Early attractors in the emergence chain function as a foundation for everything that follows. The earlier an attractor arises, the more later structures become dependent upon it. This also makes the earliest attractors the most stable. A reorganisation of a late attractor affects only a limited area of reality. A reorganisation of an early attractor, by contrast, would affect everything that builds upon it.
Natural laws therefore do not represent arbitrary regularities, but the most fundamental stabilisations in the entire relational landscape. This is why they appear with such a high degree of universal validity.

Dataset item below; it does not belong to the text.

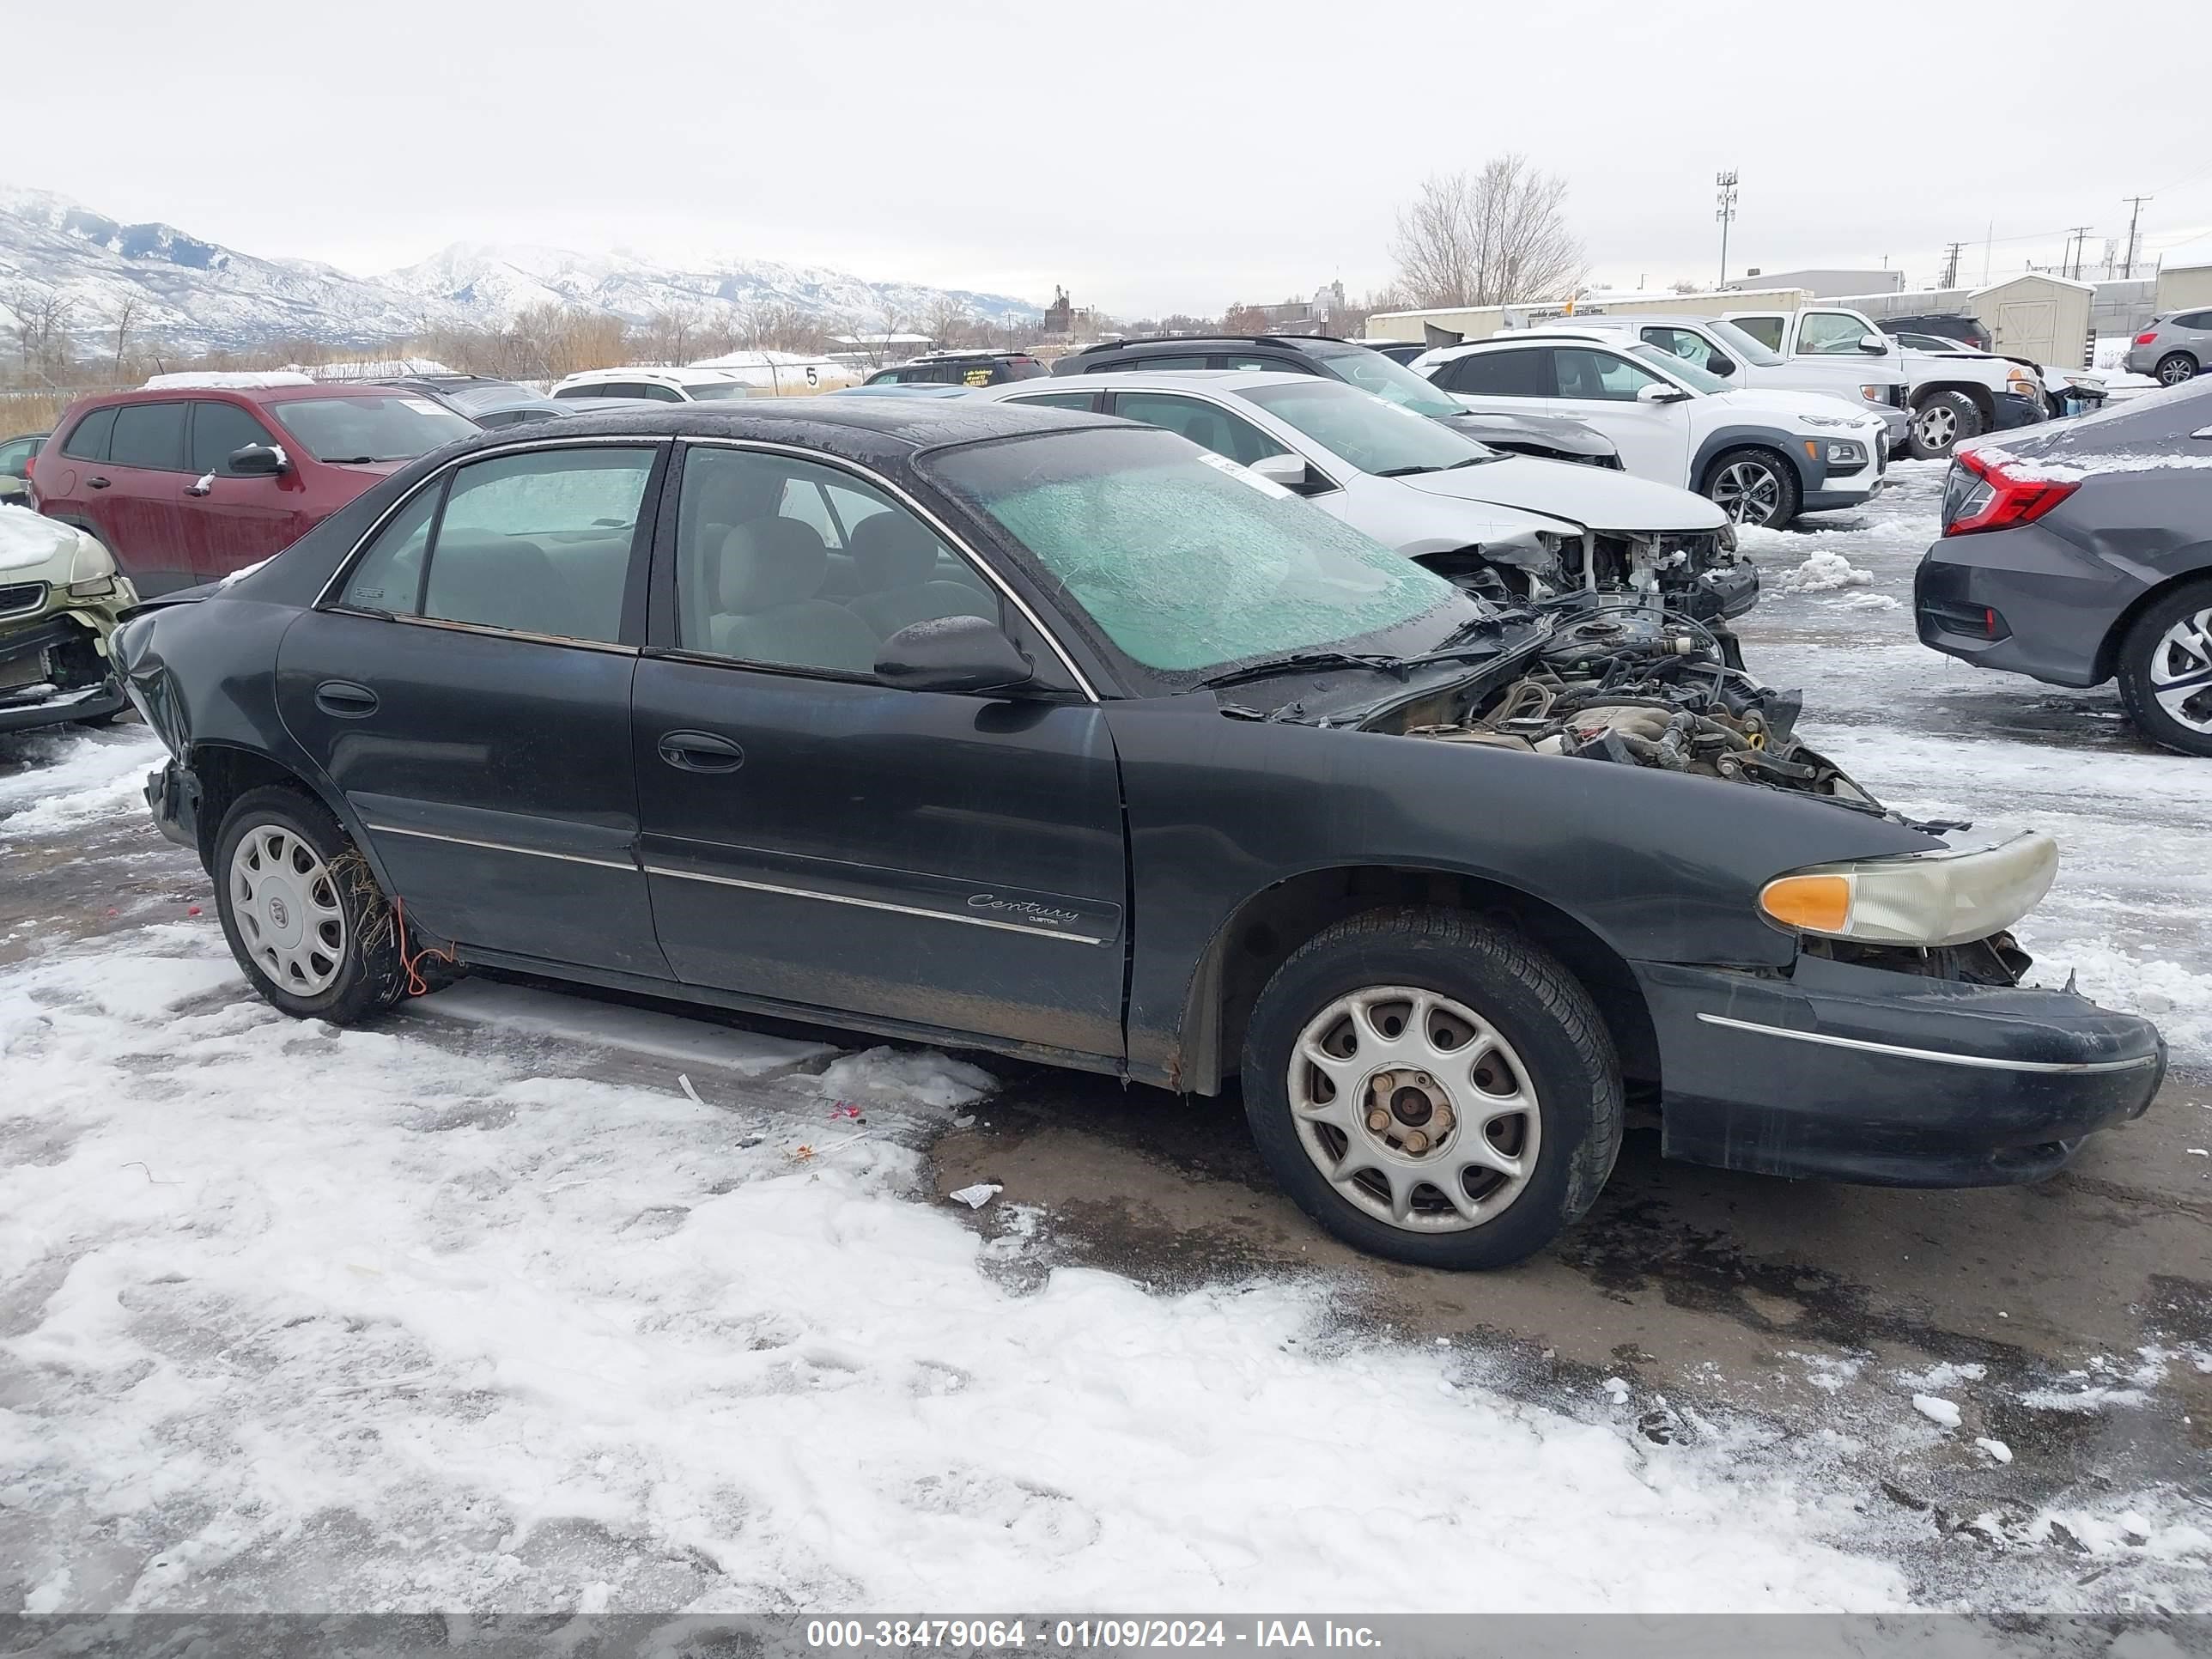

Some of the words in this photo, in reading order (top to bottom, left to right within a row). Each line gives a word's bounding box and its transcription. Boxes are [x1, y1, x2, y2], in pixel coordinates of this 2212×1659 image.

[806, 367, 817, 386] 5
[967, 894, 1079, 922] Century
[1028, 915, 1059, 925] CUSTOM

In the manifest world this is observed as identical particles, stable natural constants and regular physical processes. The EC/HE theory explains this regularity as a consequence of the underlying attractors lying very early in the emergence chain and therefore being supported by the entire later structure.
The higher up in the emergence chain we go, the less this stability becomes. Biological forms vary more than chemical structures. Psychological patterns vary more than biological forms. Cultural and social structures vary even more. This is not because the universe becomes less law-governed, but because the relevant attractors find themselves ever further from the original stabilisations upon which the entire structure rests.